Além de “A Mãe”, primeiro longa da competição brasileira, a noite inaugural da vigésima-nona edição do Festival de Vitória exibiu cinco curtas capixabas, dois deles muito bons — “MaKumba”, de Emerson Evêncio, e “Marés”, de Thaís Helena Leite. Outros dois, o experimental “Kikazaru”, de Matheus Cabral, e a ficção ”Noites de Pandemia”, de Ricardo Sá”, também prenderam a atenção do público e têm qualidades. O quinto, o besteirol “Latasha”, de Alex Buck, arrancou sonoras risadas do público, com suas piadas locais. Mas tem personagens caricatos e humor fácil.

Marcélia, com o Kikito que recebeu em agosto de Gramado, entregue por Cristiano Burlan (à dir.), junto com Soia Lira e Bete Mendes

“MaKumba” é um poema afro-brasileiro, de 24 minutos, fincado na expressão dos corpos que dançam e na musicalidade do rito religioso-miscigenado-depreciado. O coletivo CabeloSeco, que o produziu, tem a intenção clara de resgatar a riqueza cultural escondida atrás desse culto de gente estigmatizada por preconceitos seculares. Gente de origem pobre, vinda das zonas rurais, que somou ritos afros a ritos católicos, para cultuar suas entidades. Tudo é feito com esmero, sofisticação e beleza. Disparado, o grande candidato ao Troféu Vitória na mostra Foco Capixaba.

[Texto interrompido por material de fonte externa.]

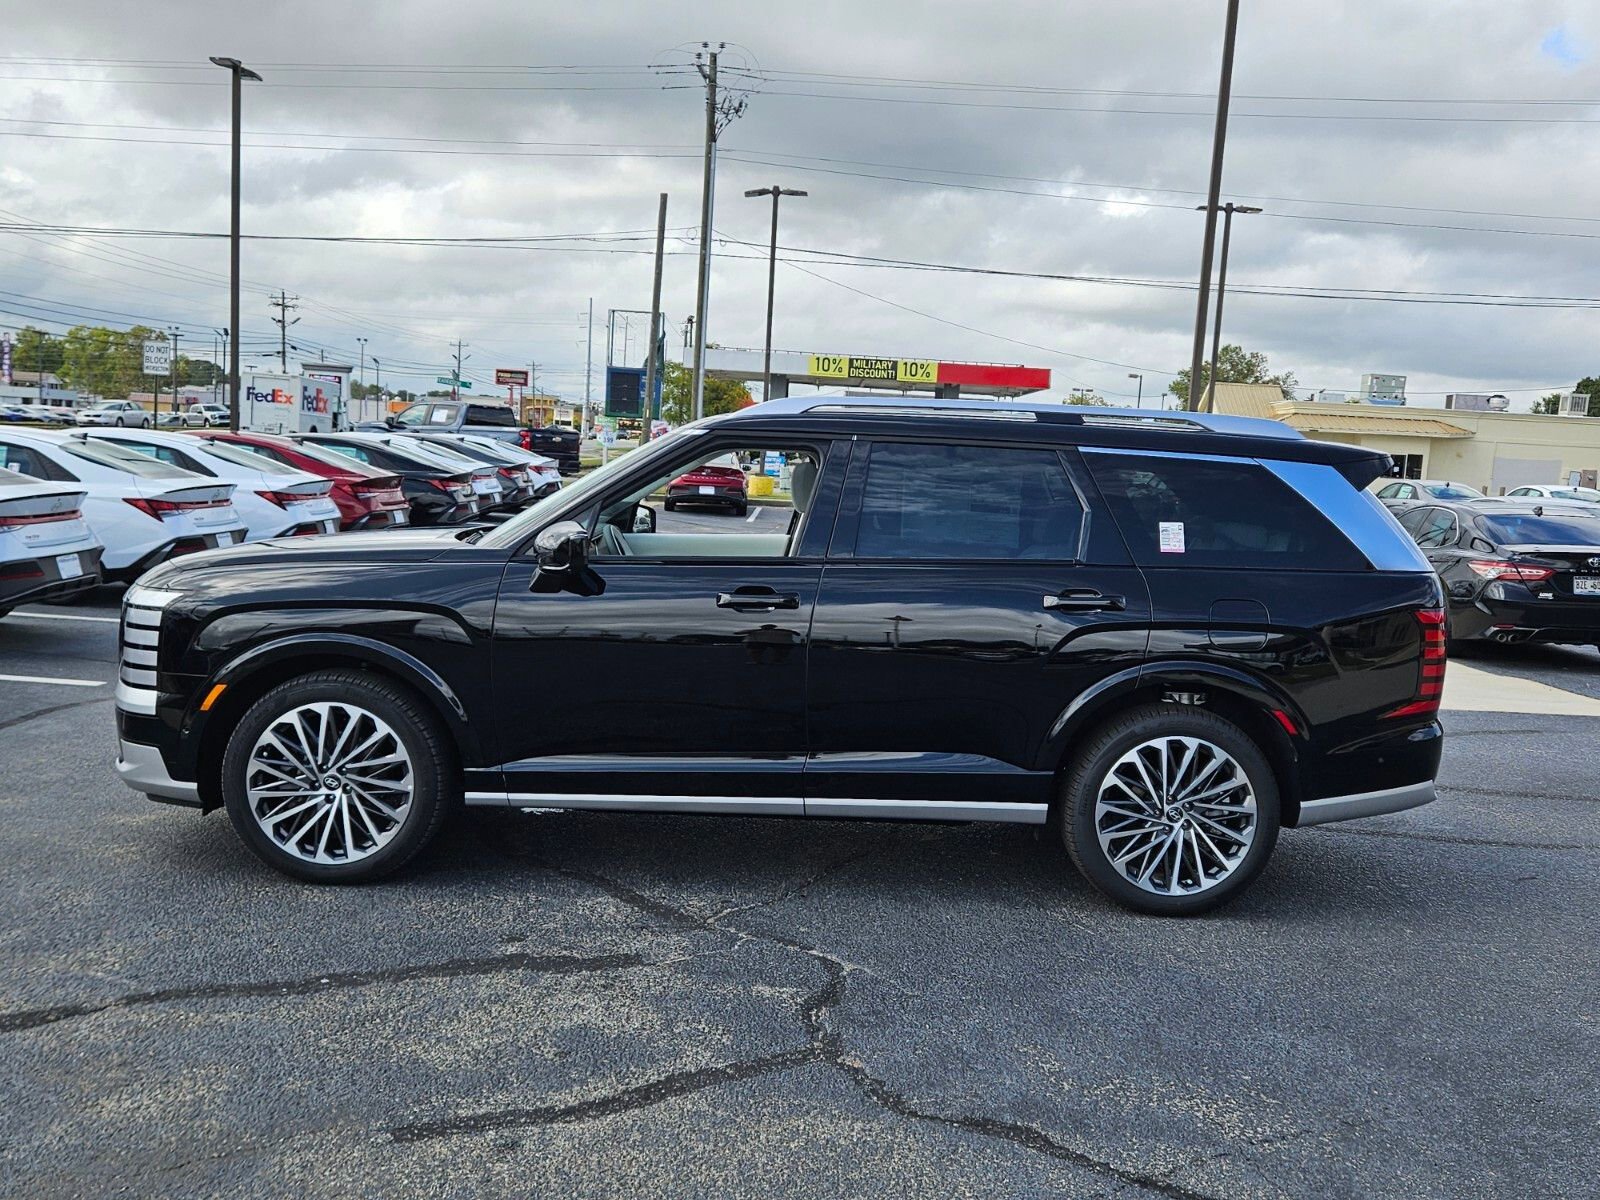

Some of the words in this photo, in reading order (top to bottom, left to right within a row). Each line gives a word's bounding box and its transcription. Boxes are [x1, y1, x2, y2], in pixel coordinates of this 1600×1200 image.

[145, 345, 154, 353] DO
[156, 346, 169, 354] NOT
[145, 355, 168, 365] BLOCK
[815, 356, 843, 373] 10%
[853, 359, 894, 369] MILITARY
[849, 369, 896, 379] DISCOUNT!
[902, 362, 931, 378] 10%
[246, 386, 294, 405] FedEx
[302, 385, 329, 414] FedEx

O filme que a professora Thaís Leite dedicou aos pescadores capixabas é um documentário substantivo, de 14 minutos. Ela registra vivências e memórias de três homens que vivem da pesca (Adão, Pepeu e Baianinho) e de um carpinteiro naval (Zé Adega). Todos têm muito a dizer e um jeito especial de fazê-lo. O que torna o filme cativante. Para completar, em animação, evoca-se a história de um “monstro marinho” que teria aparecido na costa atlântica, em 1984 (sim, em pleno século XX). Tudo com humor e picardia. E sem desrespeitar o espírito do mar, pois histórias de pescador costumam dialogar sempre com o fantástico.

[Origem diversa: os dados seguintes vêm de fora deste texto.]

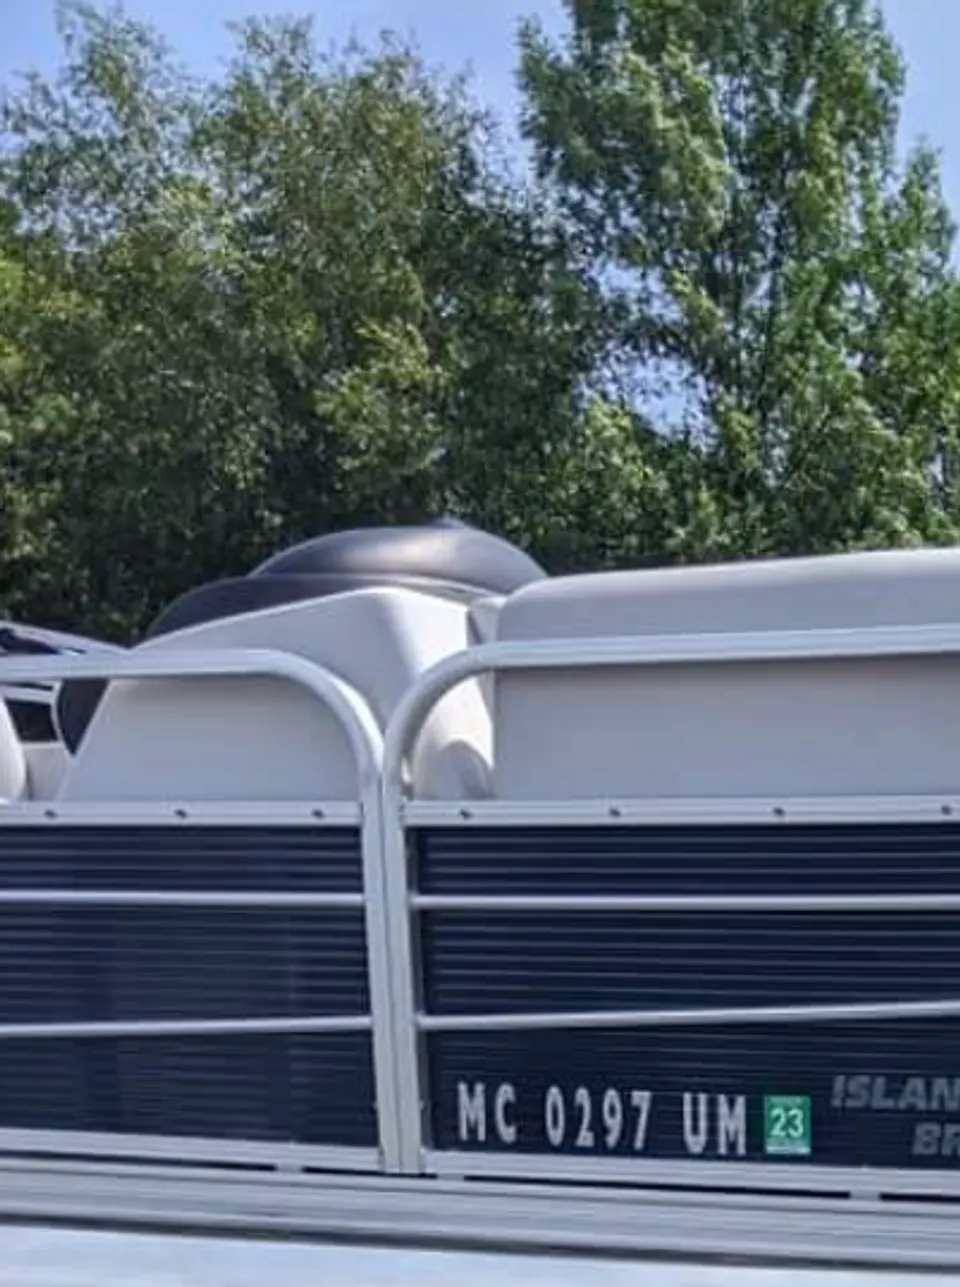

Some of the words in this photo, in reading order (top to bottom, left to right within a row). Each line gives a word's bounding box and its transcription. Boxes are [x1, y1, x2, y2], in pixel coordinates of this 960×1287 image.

[457, 1081, 517, 1144] MC
[546, 1085, 652, 1149] 0297
[682, 1091, 747, 1155] UM
[769, 1108, 804, 1138] 23

Em tempo de inclusão de minorias, Matheus Cabral nos submete, em enxutos três minutos, à experiência de assistir a imagens sem falas e sons, presentes no ambiente filmado. “Kikazaru” nos mostra a rotina de uma dona de casa. Só que nós, que ouvimos, somos privados integralmente da banda sonora do filme. Em troca, nos são oferecidas as mesmas (e condensadas) legendas descritivas fornecidas aos deficientes auditivos. Somos tomados por provocativo desconforto.

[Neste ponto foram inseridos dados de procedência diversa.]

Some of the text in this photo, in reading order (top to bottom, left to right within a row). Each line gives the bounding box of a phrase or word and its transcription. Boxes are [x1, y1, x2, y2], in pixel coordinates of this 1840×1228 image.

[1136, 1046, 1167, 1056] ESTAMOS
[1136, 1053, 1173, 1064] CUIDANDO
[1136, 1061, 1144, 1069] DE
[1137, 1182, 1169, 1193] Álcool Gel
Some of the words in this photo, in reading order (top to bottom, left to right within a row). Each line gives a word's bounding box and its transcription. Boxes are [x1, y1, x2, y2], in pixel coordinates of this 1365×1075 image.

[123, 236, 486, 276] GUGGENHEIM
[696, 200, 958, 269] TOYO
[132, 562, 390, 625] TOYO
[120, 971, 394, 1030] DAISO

“Noites de Pandemia”, de apenas oito minutos, registra as angústias de uma mulher solitária (Letícia Braga), enclausurada dentro de seu apartamento, durante os momentos mais duros da pandemia de Covid-19. Ao invés de encontrar alento, ela ouve, pela TV, voz que debocha da gripezinha, garante que brasileiro é imune a tudo, que ninguém deve se vacinar, etc. e etc. A atriz dá densidade à personagem e a voz (gravada por um locutor) reproduz discursos literais de conhecida figura pública brasileira.

“Latasha”, mix de comédia com ficção científica, tem formato televisivo. Ao longo de 23 minutos, vemos um escritor fracassado e sua mulher, que deseja impor-se como ‘digital influencer’, receberem a visita de um ser de mais de 11 mil anos. O público capixaba identificou as piadas e riu muito. Quem veio de fora, divertiu-se mais com a reação do público, que com o filme propriamente dito.